Should it surprise anyone that it would be required that a historian read both Armand Hammer's biographical accounts of his adventures in Soviet Russia in its early days and Leon Trotsky's writings in the wake of his exile to understand the state capitalist nature of the emerging Soviet State? Although Trotsky could not bring himself to use the dirty words "state capitalism" and instead in his exile calls the Soviet Union a degenerated worker's state, there is really no difference. After all, if he had not been sent into exile and could have made an accommodation with Stalin, would he not have done it? He had flip-flopped positions before from Menshevik to Bolshevik. Was this really a bigger leap of ideological imagination? In addition, should it surprise anyone that an American billionaire such as Henry Ford would prefer to deal with one government dictator rather than several companies in a free market and that he did it both in the Soviet Union and later on and consecutively in Hitler's Nazi Germany?

One of the great tragedies of historical scholarship in the opinion of this author is the pillorying of the late Dr. Antony Sutton California State University Los Angeles. The British born academic received his D.Sc. degree from the University of Southampton, England and was a research fellow at Stanford University's Hoover Institution from 1968 to 1973. Largely ignored, vilified and reviled by mainstream academic historians, he meticulously documented the strange relationship of the Park Avenue business elites and the Soviet and later Nazi elites. In particularly, his earliest work, Western Technology and Soviet Economic Development 1917 to 1930 was very important in changing this author's opinion on the history of the Soviet Union. Although the author does feel that some of his polemical positions can be extreme, he bases his facts upon well-documented research that is academically unethical to ignore. Certainly, one must allow for the emotional embitterment that a gifted academic as Dr. Sutton must endured as he was subsequently shunned by former colleagues. Indeed, the above mentioned early work, prior to his falling out with the corporately approved and funded academia was praised by Zbigniew Brzezinski: "For impressive evidence of Western participation in the early phase of Soviet economic growth, see Antony C. Sutton's Western Technology and Soviet Economic Development: 1917-1930, which argues that 'Soviet economic development for 1917-1930 was essentially dependent on Western technological aid' (Sutton 1968, 283), and that 'at least 95 per cent of the industrial structure received this assistance (Brzezinski 1970, 348).'" Unfortunately, the memory hole does not just exist in the Orwellian universe. It is alive and well in twenty-first century academia and it is high time to rehabilitate Dr. Sutton's work by quoting him and sourcing him from other directions. Essentially, he makes the claim that corporations such as Ford Motor Company made a lot of money from playing both sides against the middle and by supporting both the Soviet and Nazi War machines. The grotesque and macabre joke is that business was they made a killing and that business was very good indeed.

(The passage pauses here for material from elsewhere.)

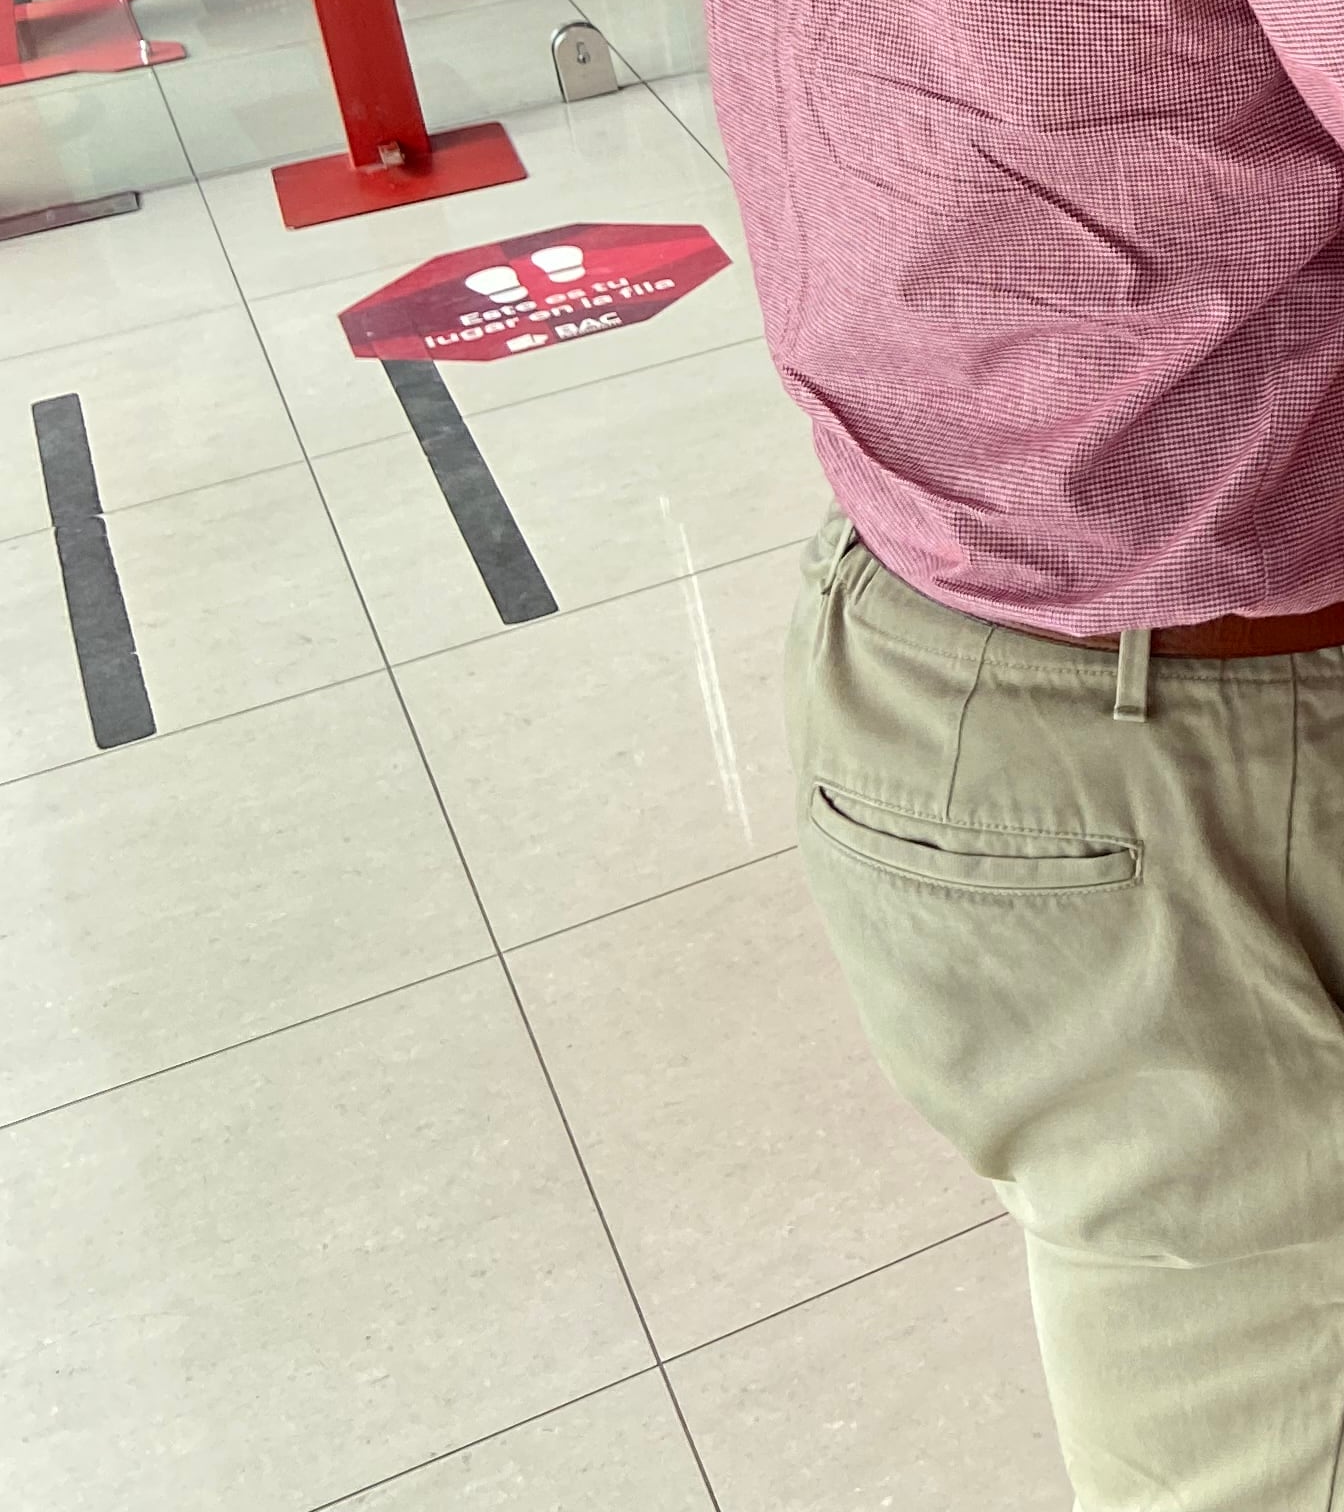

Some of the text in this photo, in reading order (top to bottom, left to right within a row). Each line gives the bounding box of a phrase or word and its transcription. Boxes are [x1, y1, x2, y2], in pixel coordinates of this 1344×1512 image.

[424, 278, 676, 349] lugar en la fila
[459, 278, 629, 327] Este es tu
[554, 311, 623, 339] BAC

In essence, Dr. Sutton's work is so massive in this one study that to serve the brevity of this short paper, we will only consider the Ford Motor's Company's experience. This can be amply sourced in parallel in the scholarly sources about and in the autobiographical writings of Armand Hammer and in academic studies of Henry Ford. Then, we will briefly consider Trotsky to round out our journey across the continuum of the imaginary left-right paradigm. Certainly, the hypocrisy of Trotsky is particularly interesting. He could sit across from Armand Hammer happily and deal with the Americans while an ensconced and powerful member of the Soviet regime, but then goes on the denounce this system that he later does not describe as "state capitalist" (it would be embarrassing to admit that he was an integral part of a state capitalist system, the NEP) but called it a "degenerated workers state."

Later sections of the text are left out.